Gente que trabalha até de madrugada nos barracões ainda dormia quando o fogo começou; rapaz teve de se jogar do quarto andar

Por Bruno Boghossian , Marcelo Auler e Roberta Pennafort
Atualização:

Saimon Garcia acordou às 7 horas de ontem ao sentir um cheiro incomum de fumaça no quarto andar do barracão da Grande Rio, onde costuma dormir quando as noites de trabalho se estendem pela madrugada. Em segundos, viu pela TV, ligada, imagens feitas por helicópteros que mostravam labaredas em um dos blocos da Cidade do Samba e entrou em pânico. O aderecista precisou arrombar uma porta e pular de uma altura de quase dez metros. Foi salvo por um enorme boi de espuma, que compunha uma das alegorias.
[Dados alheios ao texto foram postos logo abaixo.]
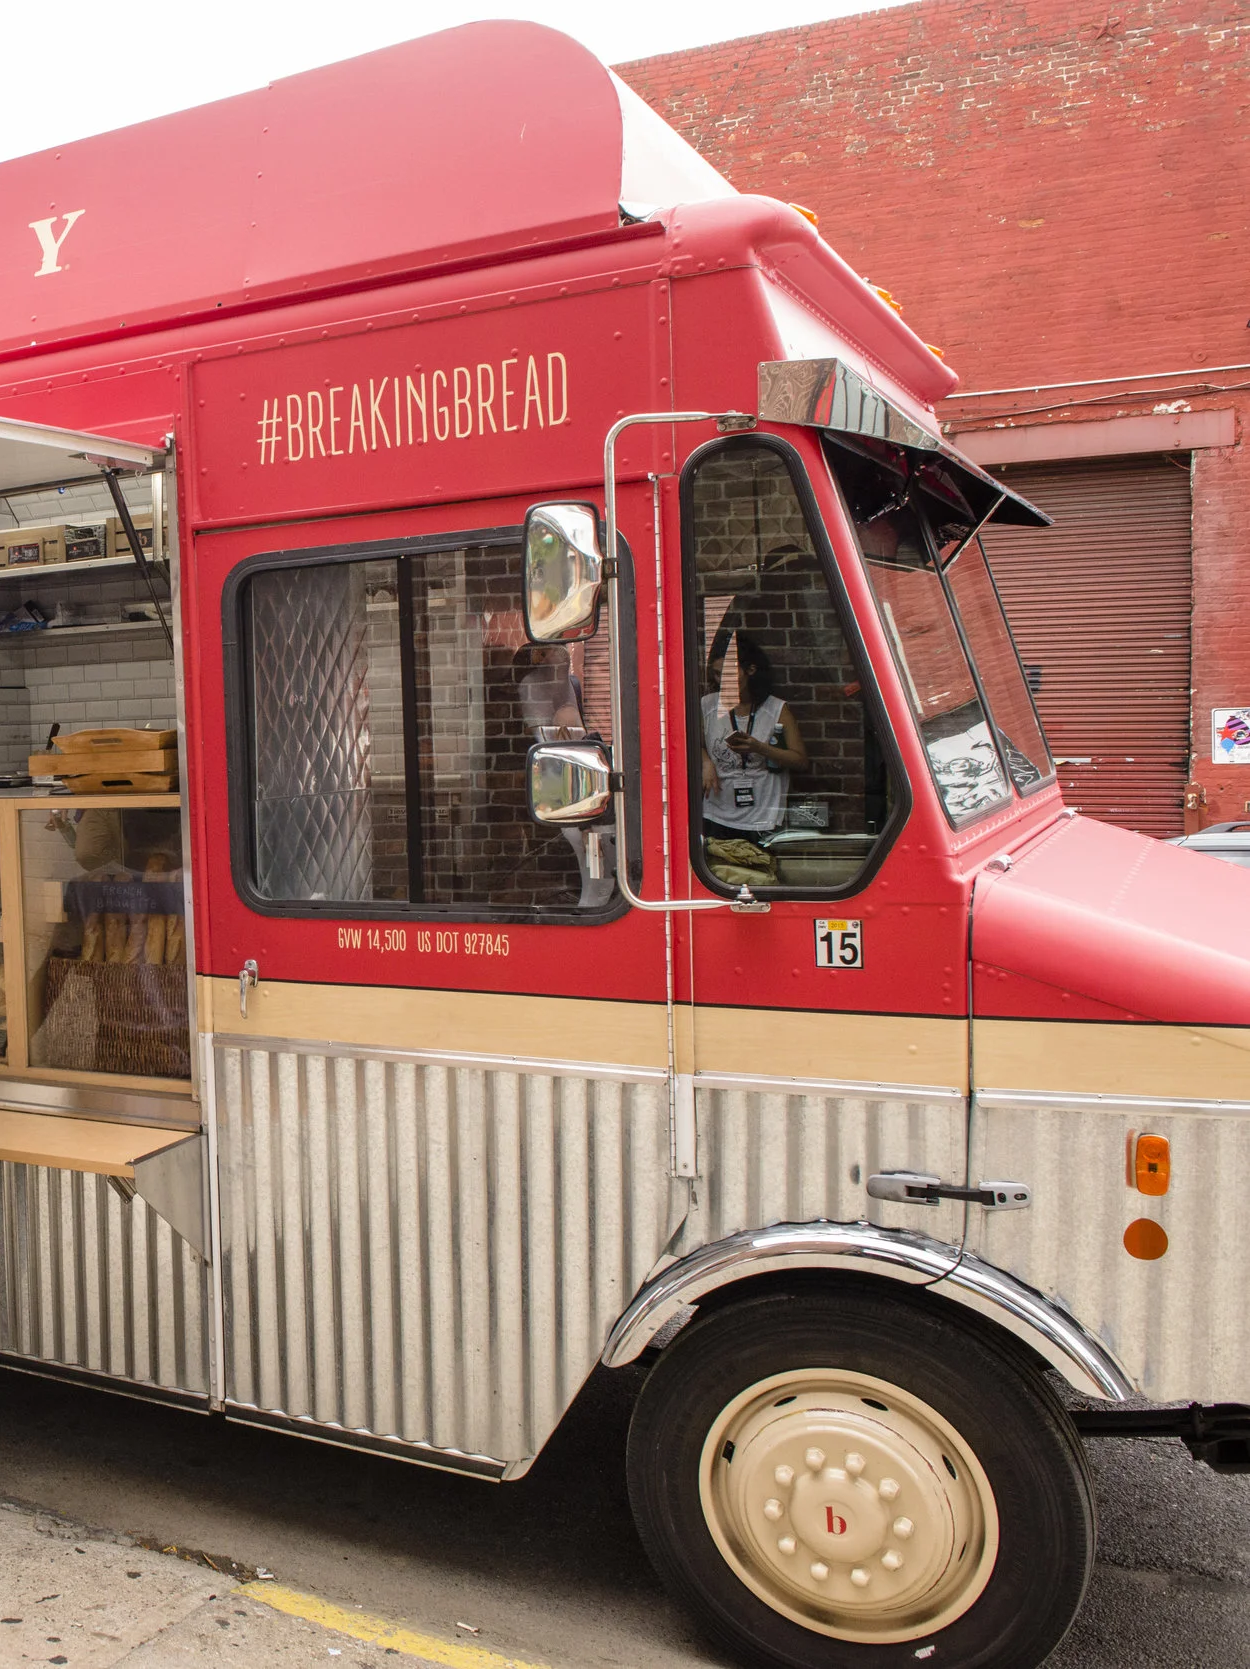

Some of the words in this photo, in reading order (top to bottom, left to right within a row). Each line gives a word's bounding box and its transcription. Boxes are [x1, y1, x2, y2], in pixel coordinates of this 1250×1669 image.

"Eu estava dormindo porque trabalhei até as 3h30. Quando acordei, já estava tudo pegando fogo. Olhei para a televisão e ouvi o repórter dizer que a Grande Rio era uma das escolas atingidas. Fiquei no maior desespero, mas não consegui descer as escadas e me joguei. Consegui cair, não sei como, em um carro alegórico", contou, após escapar apenas com arranhões. Nas últimas semanas antes do carnaval, é comum que integrantes das escolas durmam em colchonetes no chão. Para quem chegou de manhã para trabalhar, foi um choque constatar que toda a produção havia virado cinzas. Roberto Szaniecki, carnavalesco da Portela, havia saído da Cidade do Samba às 3 horas. "Das fantasias, a gente não recupera nada. Vai ter de ser uma outra linguagem." Cahê Rodrigues, carnavalesco da Grande Rio, estava desolado. "É assustador. Acordei vendo na TV: primeiro Ilha, depois Portela, depois Grande Rio. Fui acompanhando a destruição de um projeto de um ano de trabalho." Hipertenso, o presidente da União da Ilha, Ney Filardi, há 39 na escola, lamentava a impossibilidade de refazer as fantasias. "Não se tem disponibilidade de tecido no mercado, falta dinheiro e ainda tem aquilo que o dinheiro não compra: o tempo. Para fazer de acordo com os protótipos, levaríamos de três a quatro vezes mais tempo do que estes 30 dias. Se for o caso, vamos de short, camiseta e descalços." O temor de novos incêndios se espalhou por outras escolas. "Nós não perdemos nada, mas vamos ajudar se pudermos, porque a nossa união é muito grande", conta a costureira Andréia de Aquino, da Vila Isabel. "Mas agora a gente fica morrendo de medo de que aconteça de novo. Será difícil trabalhar de madrugada por aqui."